GlucosyltransferaseB, GtfC, and GtfD were purified by hydroxyapatite column chromatography, followed by ultrafiltration from the culture supernatant fluids of three Streptococcus milleri constructs (gift from Dr. H.K. Kuramitsu) which harbored individual gtf genes of Streptococcus mutans GS5. GtfB, GtfC, and GtfD were enzymatically active both in solution and in an experimental pellicle (HA-CWS-Gtf) formed by adsorbing Gtf onto the surface of clarified human whole saliva (CWS)-coated hydroxyapatite (HA). The Km values for sucrose for all three enzymes were lower when the enzyme was adsorbed to a surface, compared with when it was in solution. In solution phase assays, and in the absence of primer dextran, glucan production was enhanced 75% when both GtfB and GtfD were present in the reaction mixture, compared with the sum of the individual enzyme activities (p < 0.005). This enhancement did not occur when GtfC was additionally present, or when the GtfB+GtfD enzyme pair was adsorbed onto HA-CWS. In additional experiments, glucan formed by GtfB or GtfC, but not by GtfD, on a HA-CWS-Gtf surface increased adherence of Streptococcus mutans GS5 and Streptococcus sobrinus 6715 by seven- to nine-fold compared with adherence when no glucan was present on the pellicle surface (p < 0.001).
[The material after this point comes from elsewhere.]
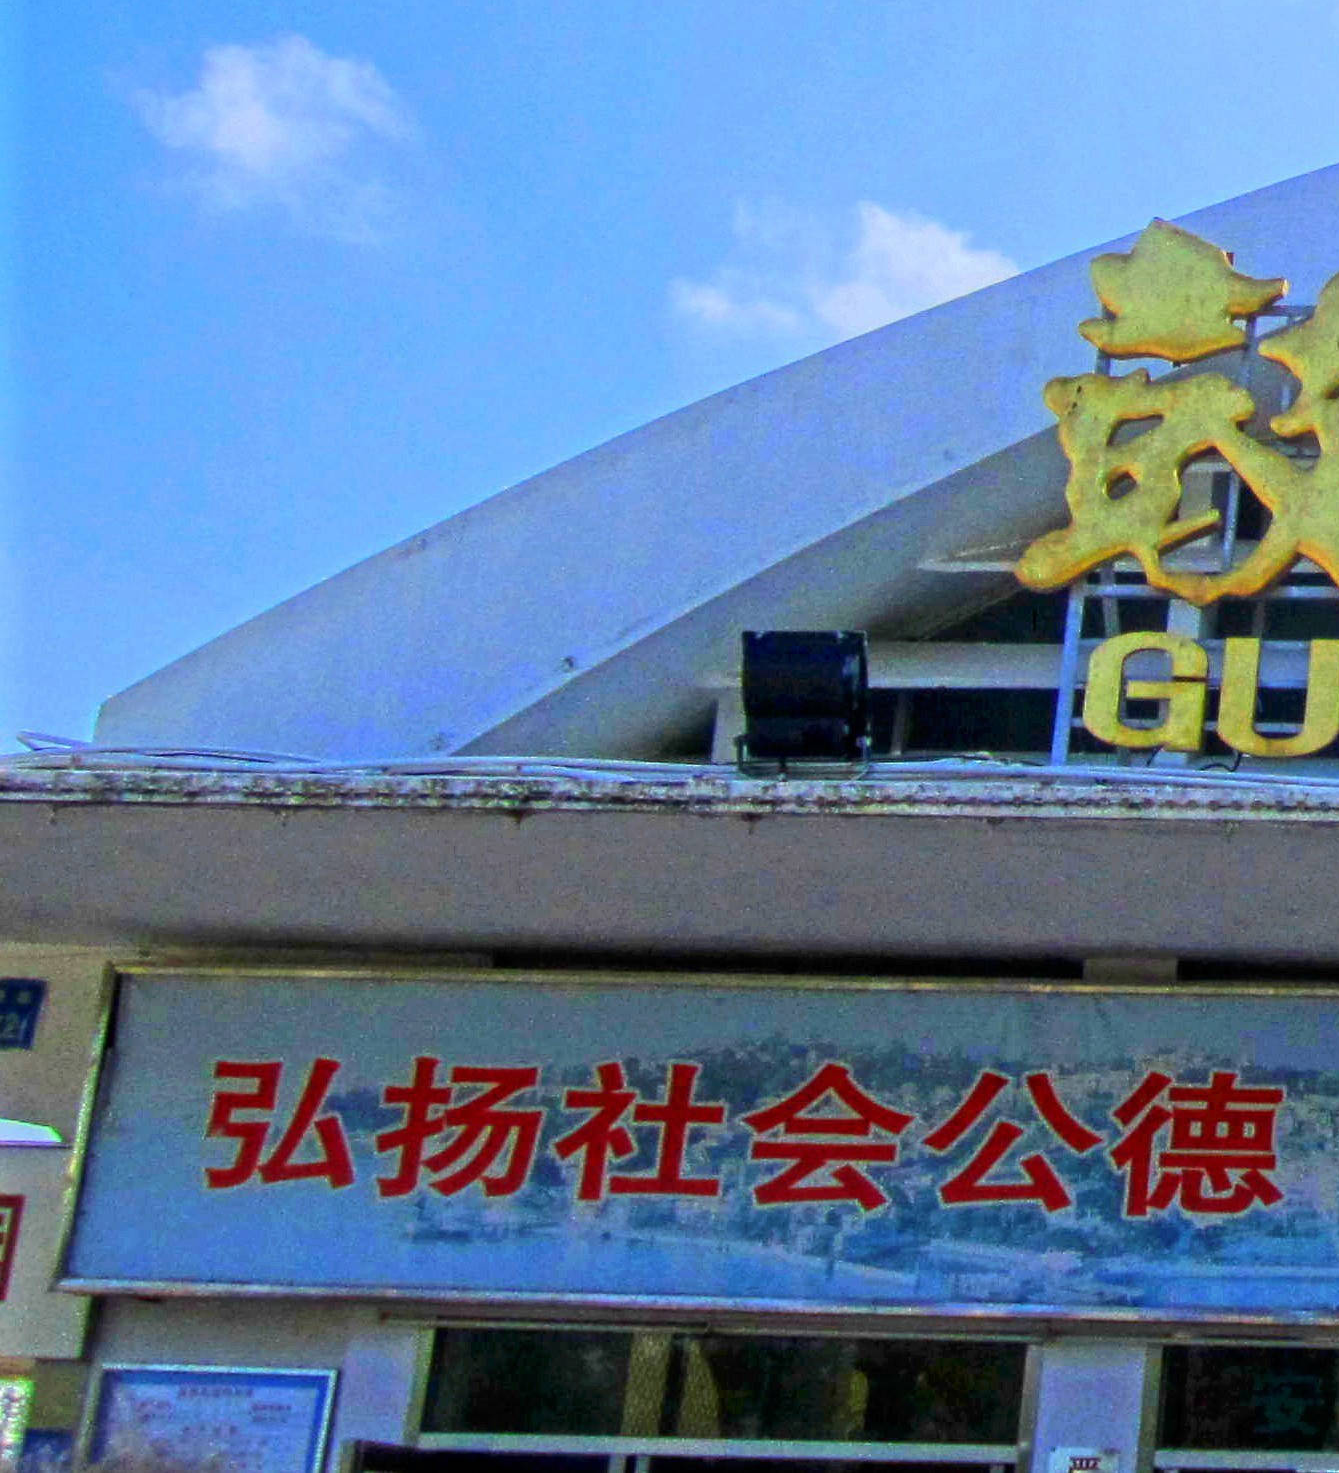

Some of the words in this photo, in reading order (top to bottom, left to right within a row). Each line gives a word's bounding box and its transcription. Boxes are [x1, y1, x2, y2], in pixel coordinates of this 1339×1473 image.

Further, treatment of the HA-CWS-GtfB-glucan or HA-CWS-GtfC-glucan pellicle with alpha-1,6 dextranase significantly reduced adherence of both streptococcal strains (p < 0.001). These results show that GtfB, GtfC, and GtfD are enzymatically active in an adsorbed state and that the nature of their product glucan can influence the adherence of cariogenic oral streptococci to an experimental pellicle.